March 2, 2025 Transfiguration Sunday
By Kristin Berkey-Abbott
Luke 9:28-36, (37-43a)
Here we are, the final Sunday before Lent begins. Transfiguration Sunday gives us a chance to wrestle with an essential question: who is this Christ? Why worship Jesus?
Do we worship Christ because of his glory? The mystical elements of Transfiguration Sunday dazzle us and threaten to overshadow the rest of the story. What a magnificent tale! Moses and Elijah appear and along with Jesus, they are transformed into glowing creatures. A voice booms down reminding us of Christ's chosen and elevated status.

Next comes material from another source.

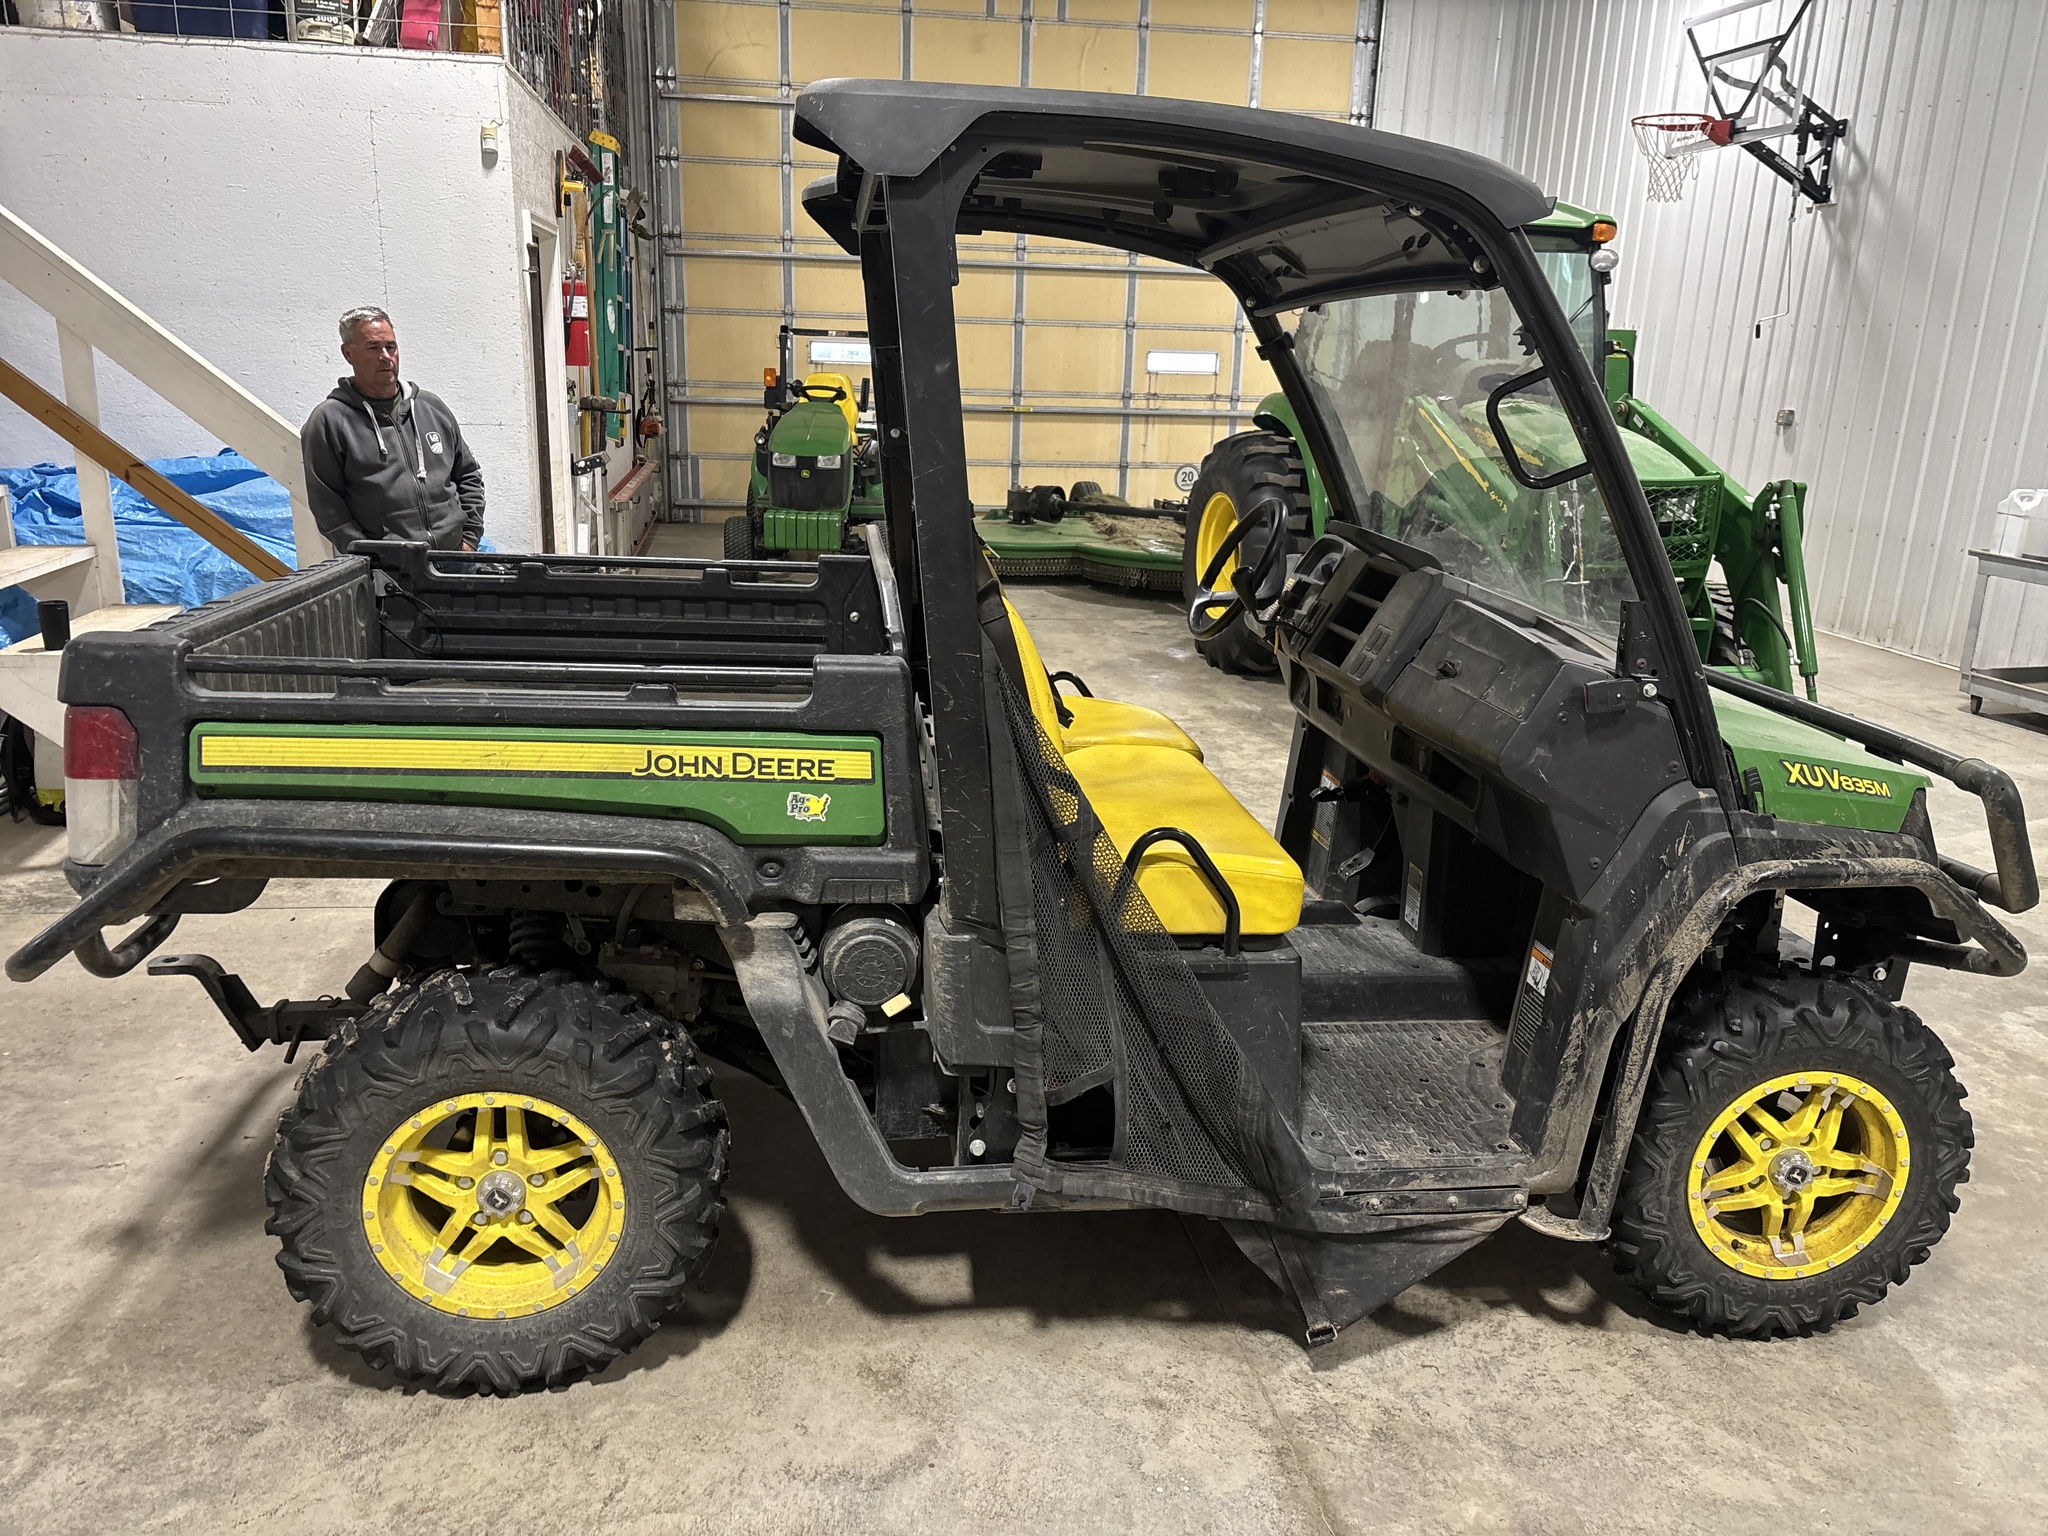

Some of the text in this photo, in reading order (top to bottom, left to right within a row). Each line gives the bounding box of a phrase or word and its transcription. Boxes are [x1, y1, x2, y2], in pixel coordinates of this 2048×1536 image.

It's easy to understand Peter's response: we'll stay on the mountain, we'll build a more permanent structure! But it's also easy to understand why the disciples stay quiet about this mystical experience. Once they descend from the mountain, they must begin to wonder if they had been dreaming. And once again, they likely ask themselves, “Who is this man that we’ve been following?”
Jesus then heals a child; he's a success where his disciples have failed.
Do we worship God in the hopes of harnessing this kind of transfiguring power? It's easy to understand this impulse. Then as now we live in a world where pain seems to have the ultimate power. Wouldn’t it be nice to be able to cure the sick like Jesus did? We live in a time where we might get tired of sending sympathy cards. Wouldn’t it be nice to do a total transfiguration of this world we live in, where we break the bonds of disease, where no one goes to bed hungry, where our foes are vanquished. If only we could harness the power of God!
But the rest of the lesson for today warns us against this impulse.
Jesus know that he's on a collision course with the powers that rule the world. In the weeks to come, the disciples will argue about who is greatest, and Jesus will remind them of the nature of his ministry: to be least.
For those of us who worship Christ because we want transfiguration, it's important to remember what kind of transfiguration we're going to get. We're not likely to get worldly power because we're Christians--in fact, it will be just the opposite. People will not elect us to be president. We will not be wealthy; any wealth we get, we’re likely to give away, if we’re following Jesus.
Will we get healing? Maybe. But it may not be the kind of healing that we’re desperate to experience. When we think of healing, we might think of what we see Jesus do in today’s text. A child who can’t live in society because of demon possession, suddenly transformed into a healthy child. We might wish for something similar, for ourselves or for our loved ones. Some of us will get that healing that we long for. But while Jesus does heal the physically sick, he’s clear that his ministry leads to a much more significant type of healing, a spiritual kind.
Will we be creatures that glow with an otherworldly light? Maybe this will happen occasionally—but it will be metaphorical, not the kind of literal light that the disciples witness on the top of the mountain.
The text today reminds us that Transfiguration Sunday gives us a glimpse into a larger spiritual realm—but there’s also the sadness that we can’t stay there forever. Ah, Transfiguration Sunday which leads us to Mardi Gras, a few last hurrahs before the serious season of Lent, that season of ash and penitence. Let us stay here in this glow.
But we can’t stay there forever. Our spiritual texts remind us again and again that we must come down from the mountain.
However, we can frame that descent into good news, a path before us, the path that brings us off the mountain and into service. Let us not confuse the mountain top for the true relationship that God offers us.
Throughout the Scriptures, we see this tension between the mountain top and the flat land experience. We feel the thrill of meeting God, and then we have to figure out how to live our daily lives afterwards. Some of us will spend our lives in permanent quest mode, going from one mountain top to the next, looking for spiritual thrill. This quest might not be as dangerous as other pursuits. But it can keep us from committing to the communities that we live in, between the times when we’re off to the next retreat or monastery.
Some of us will try to convince ourselves that the mountain top experience wasn't real, that it didn't matter, that it wasn't as profound as we know that it was. Maybe we won’t talk about it because we can’t figure out the right words. Maybe we have no way of processing what we saw up there on the mountain. But our text does show us a way, to come down, to serve our fellow humans.
Some of us will try to live our daily lives transfigured: at our best, people, convinced that we have some yoga regime or diet that they need to know about, will ask us for our secret. At our best, we’ll transfigure the societies around us, casting out the demons that torment so many of us.
Many of us approach Lent in a spirit of transfiguration. We give up something for Lent or we add something for Lent, hoping to feel that thrill of transfiguration. But once Lent is over, we shouldn't forget our Lenten disciplines. It's too easy to let our daily lives take over. It's too easy to forget the Gospel message of transfiguration and resurrection. God calls us to transfigured lives so that we can help in the repair of the world. And that’s true during Lent and other times, as true for us as it was for those disciples who saw Jesus transfigured on the mountain.